Happy Thanksgiving to my three readers!

So I'm currently in Dallas, ensconced in the warm bosom of my loving family. This means doing the whole Shabbos thing, lights out by midnight, rereading the teen classics I was too embarrassed to take to college, eating my weight in sunflower-seed-shells. (I don't like the seeds themselves--too much effort--but the shells are coated with an addictive combo of seed-dust and salt. Mmm.) It also means I'm sharing a bathroom with my brother.

It could be worse. He's surprisingly fastidious for a seventeen-year-old boy*, yelled at me for rearranging his (three varieties of) deodorant, not putting the caps back on his aftershave, getting water in the toothpaste. He's a stereotypical consumer, too--all Axe and Old Spice. Have y'all ever bothered to read the fine print on grooming products? There's such a disconnect between what's marketed to dudes and what's marketed to the ~ladies.~ My brother's bodywash comes in varieties like "Cool Blast" and "Power Stick," bearing taglines like "Lean, Mean, Clean Machine." My bodywash--marketed towards the fairer sex-- extols the virtues of aloe and shea butter, "for a more touchable you." So the boys get to be "powerful" and "mean," and I get (presumably male) creepos desperate to make me their next (silky smooth!) flesh blanket. Delights! The same goes for shampoo--the only shampoo I ever see marketed towards dudes is Head & Shoulders and similar, which, interestingly enough, is the only shampoo I ever see in dudes' showers, though that might just mean everyone I know has scalp flakes, not necessarily a hook-line-sinker hard-on for the beauty industrial complex. In contrast, lady shampoo is all about hair you can run your fingers through! Hair that is soft but strong (like you!) Hair that brings all them boys to the yard! And it always smells like flowers or fruit--both delicate and easily bruised.

This isn't even a post about advertising--CBA to tackle Axe adverts** or the Dove commercials that intersperse scrubbing bubbles with close-ups of disturbingly vaginal fruit segments--but a (perhaps obvious) comment on how ridiculously gendered even our showers become. (To be fair, there are some gender-neutral bodywashes with copy like "Fancy scrubbing bubbles makes you smell clean. Hurray!" but I don't know anyone who actually uses them except, maybe, my dad.) IDK. Maybe it makes sense--Nada Surf reminds us that popularity hinges on personal hygiene--and the shower is all about Stage One of the grooming-to-get-laid process. I just hate that even our bodywash conspires to give the dudes the power (or in this case, the ICY POWER BLAST!) and keep the ladies ~soft, touchable, and firm.~ And I'm the first to admit my complicity--I'm a sucker for beauty products that smell like candy--but I've done my part, this weekend, to buck the status quo. I currently smell like a Lean, Mean, Clean Machine, and fully expect the ladies to come a'flockin' any minute now. One at a time, sweet young things, everyone will get their turn. My, my, isn't your skin touchable?

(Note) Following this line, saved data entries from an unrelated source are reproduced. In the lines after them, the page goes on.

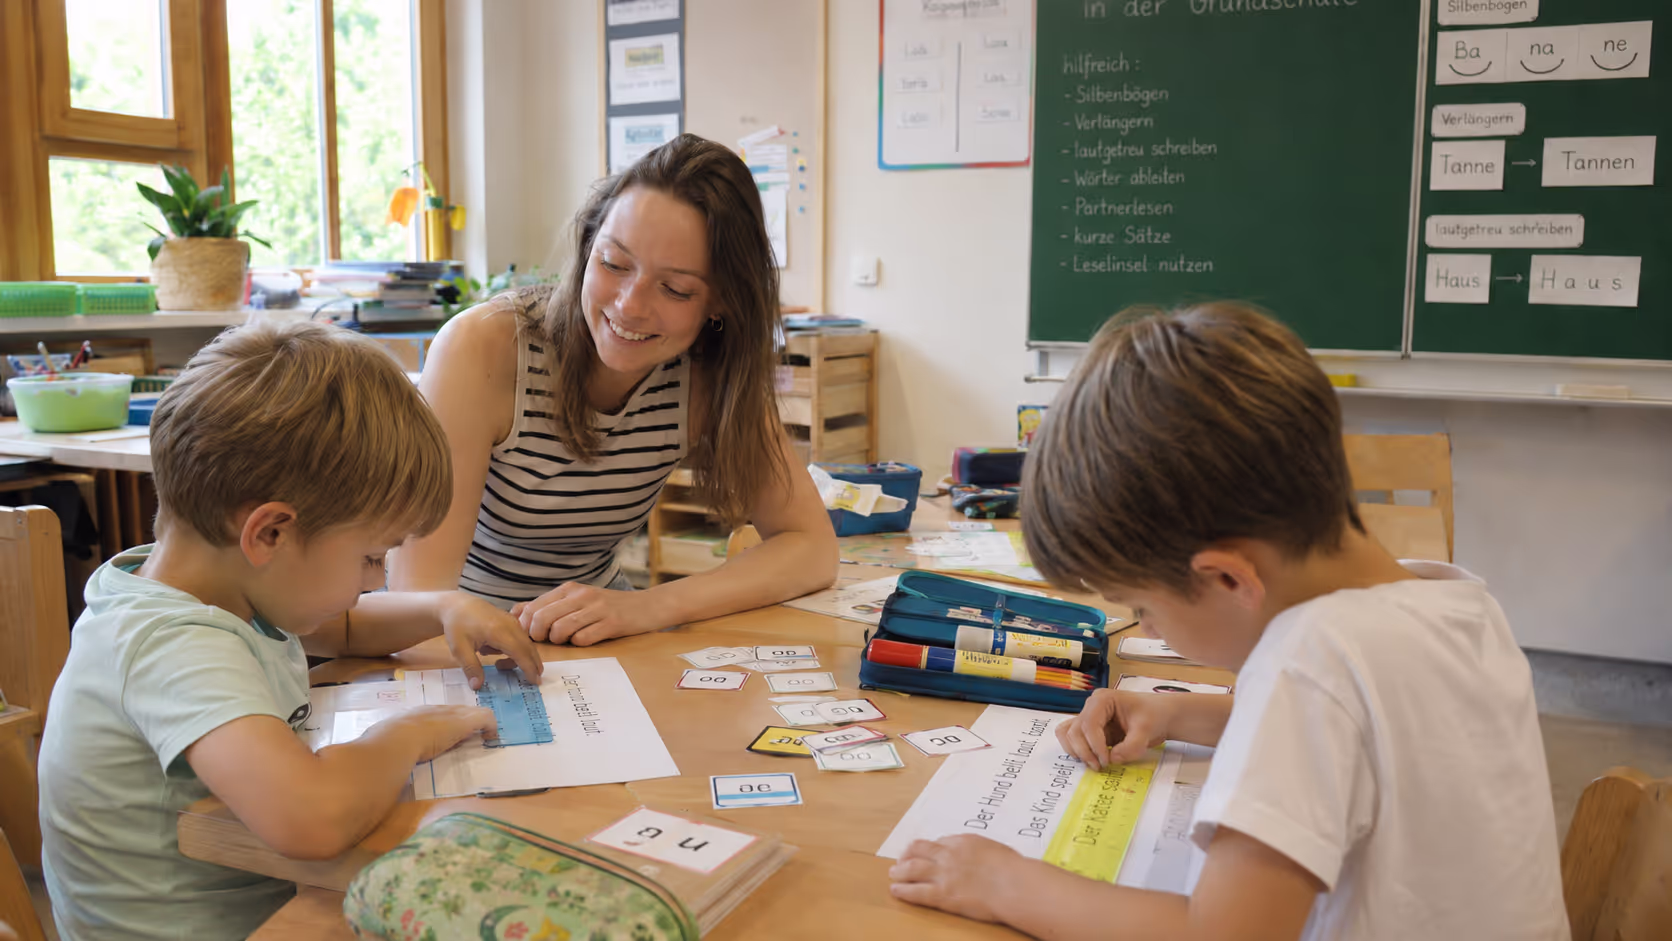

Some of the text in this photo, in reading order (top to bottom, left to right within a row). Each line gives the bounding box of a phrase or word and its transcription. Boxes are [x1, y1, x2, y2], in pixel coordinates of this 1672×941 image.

[1454, 38, 1628, 59] Ba na ne
[1063, 52, 1130, 80] hilfreich
[1076, 83, 1169, 108] Silbenbögen
[1074, 112, 1154, 135] Verlängern
[1441, 112, 1514, 126] Verlängern
[1074, 140, 1144, 164] lautgetreu
[1151, 138, 1217, 156] schreiben
[1561, 150, 1635, 171] Tannen
[1440, 154, 1496, 175] Tanne
[1074, 169, 1122, 187] Wörter
[1130, 167, 1185, 185] ableiten
[1075, 197, 1174, 216] Partnerlesen
[1074, 226, 1115, 244] kurze
[1125, 225, 1171, 244] Sätze
[1435, 223, 1573, 239] lautgetreu schreiben
[1073, 254, 1148, 273] Leselinsel
[1158, 253, 1214, 273] nutzen
[1435, 265, 1481, 289] Haus
[978, 779, 1013, 808] Hund
[1029, 790, 1062, 815] Kind
[963, 808, 996, 830] Der
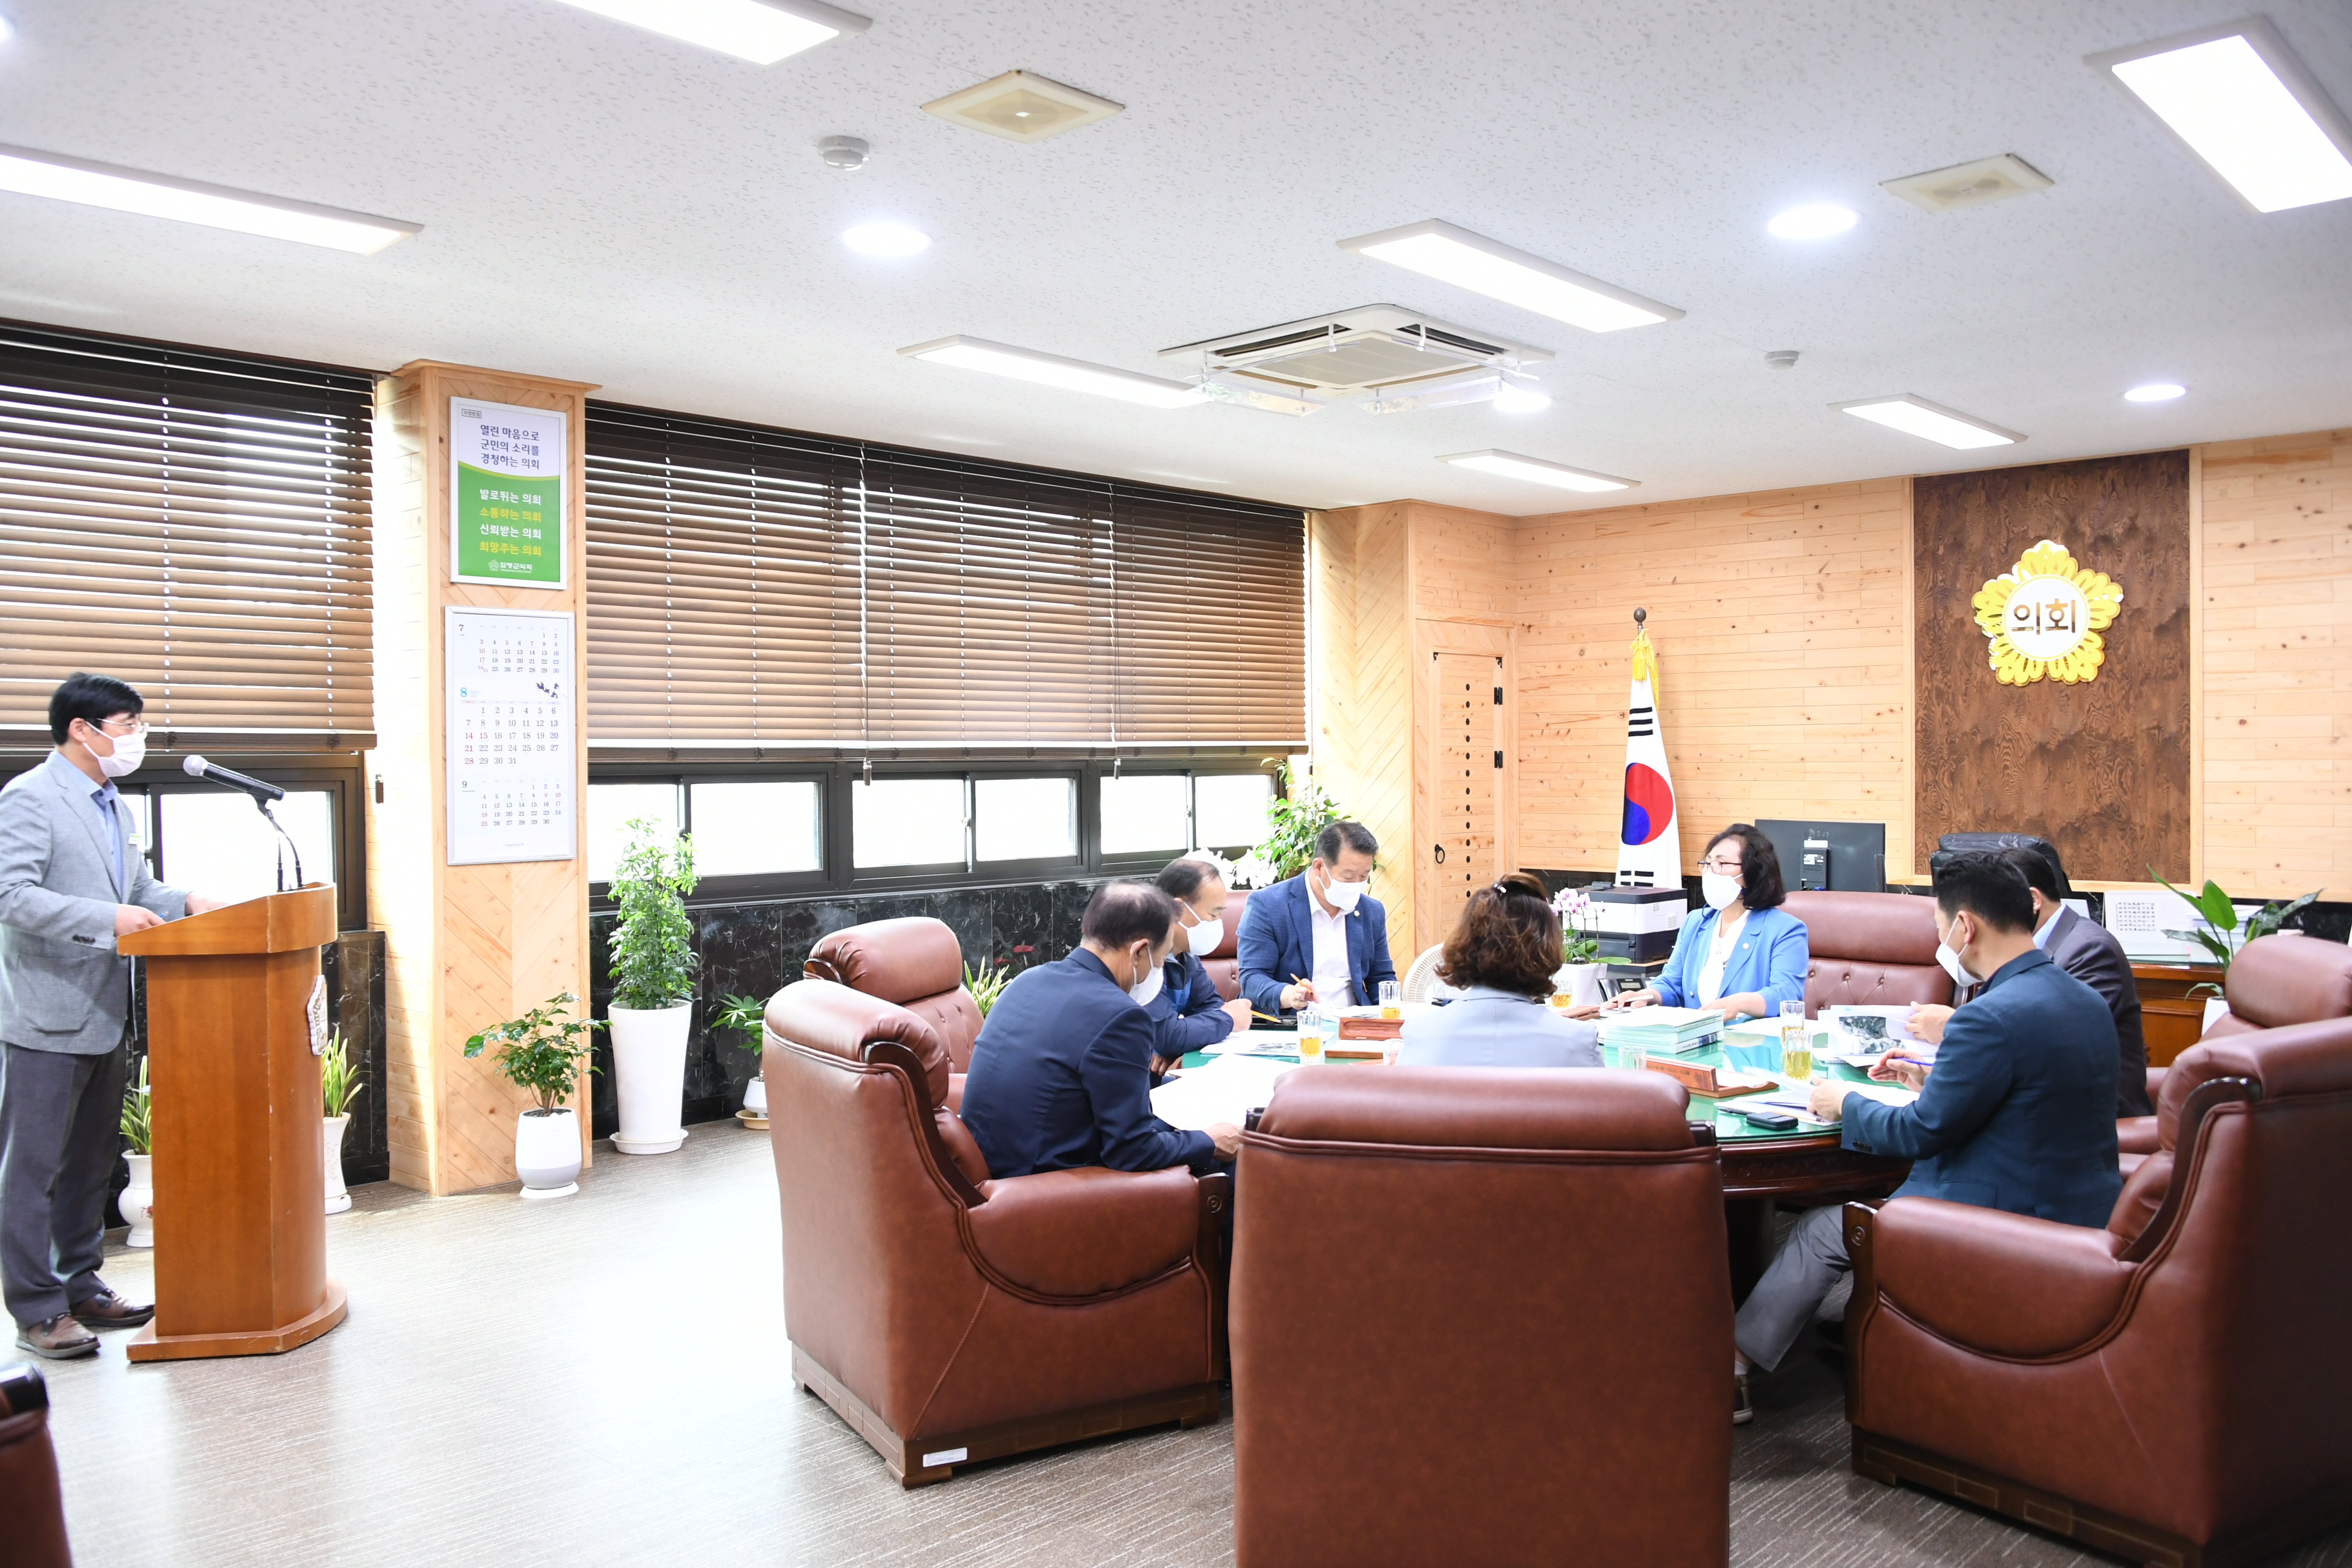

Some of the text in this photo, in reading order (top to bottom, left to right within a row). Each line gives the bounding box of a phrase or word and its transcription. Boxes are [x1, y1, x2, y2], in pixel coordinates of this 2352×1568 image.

[480, 425, 539, 441] 열린 마음으로
[480, 438, 539, 456] 군민의 소리를
[481, 453, 539, 470] 경청하는 의회
[480, 489, 541, 505] 발로뛰는 의회
[479, 507, 541, 522] 소통하는 의회
[480, 524, 541, 539] 신뢰받는 의회
[479, 541, 541, 556] 희망주는 의회
[2011, 598, 2076, 635] 의회
[460, 688, 467, 697] 8
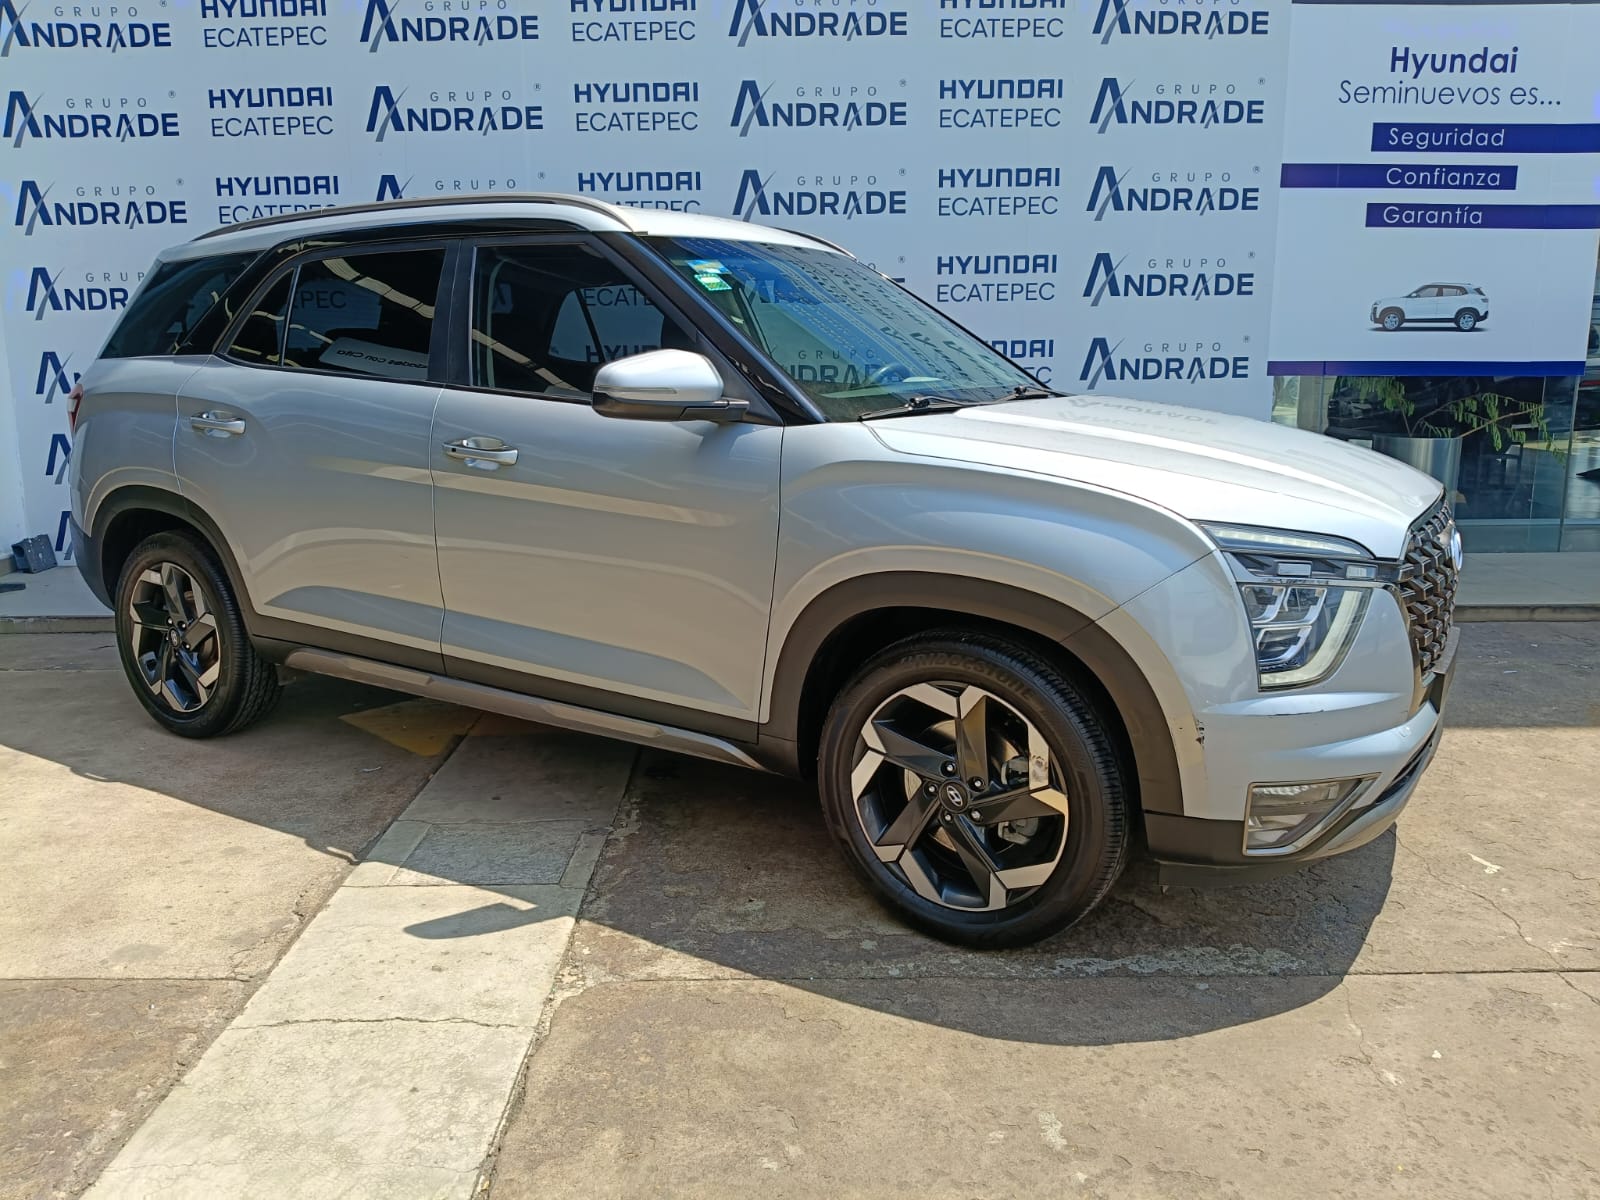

*Or as he likes to leer, ~legal + lethal~ in two weeks. If the bloodbath that went down at the Shabbos table was any indication, the first thing he'll do when he turns eighteen is go vote for some reactionary. (It's a Christian to the lions scenario up in the Elbaz house. Guess which friendly neighborhood liberal becomes feral-feline fodder? The massacre ended with my brother calling me a "raging bitch" and my dad asking me where I got my superiority complex. NOTHING IS GOOD.)

**I have momentarily become British! Or pretentious. Whichevs.

Wednesday, November 25, 2009

Fa la la la la la la la ugh

I paid $5.30 for a super-big* latte at Starbucks today.

Surely this is exorbitant, even for gingerbread-flavored commercial holiday cheer? Or am I mired in the halcyon days of auld lang syne, where fancy lattes stayed at four bucks, or half an hour behind the Hillel desk?**

*I refuse to adopt the pretentious Starbucks monikers. You can take my money, but you cannae take my freedom (of speech)!
**Unlike kids today, I know the value of hard work!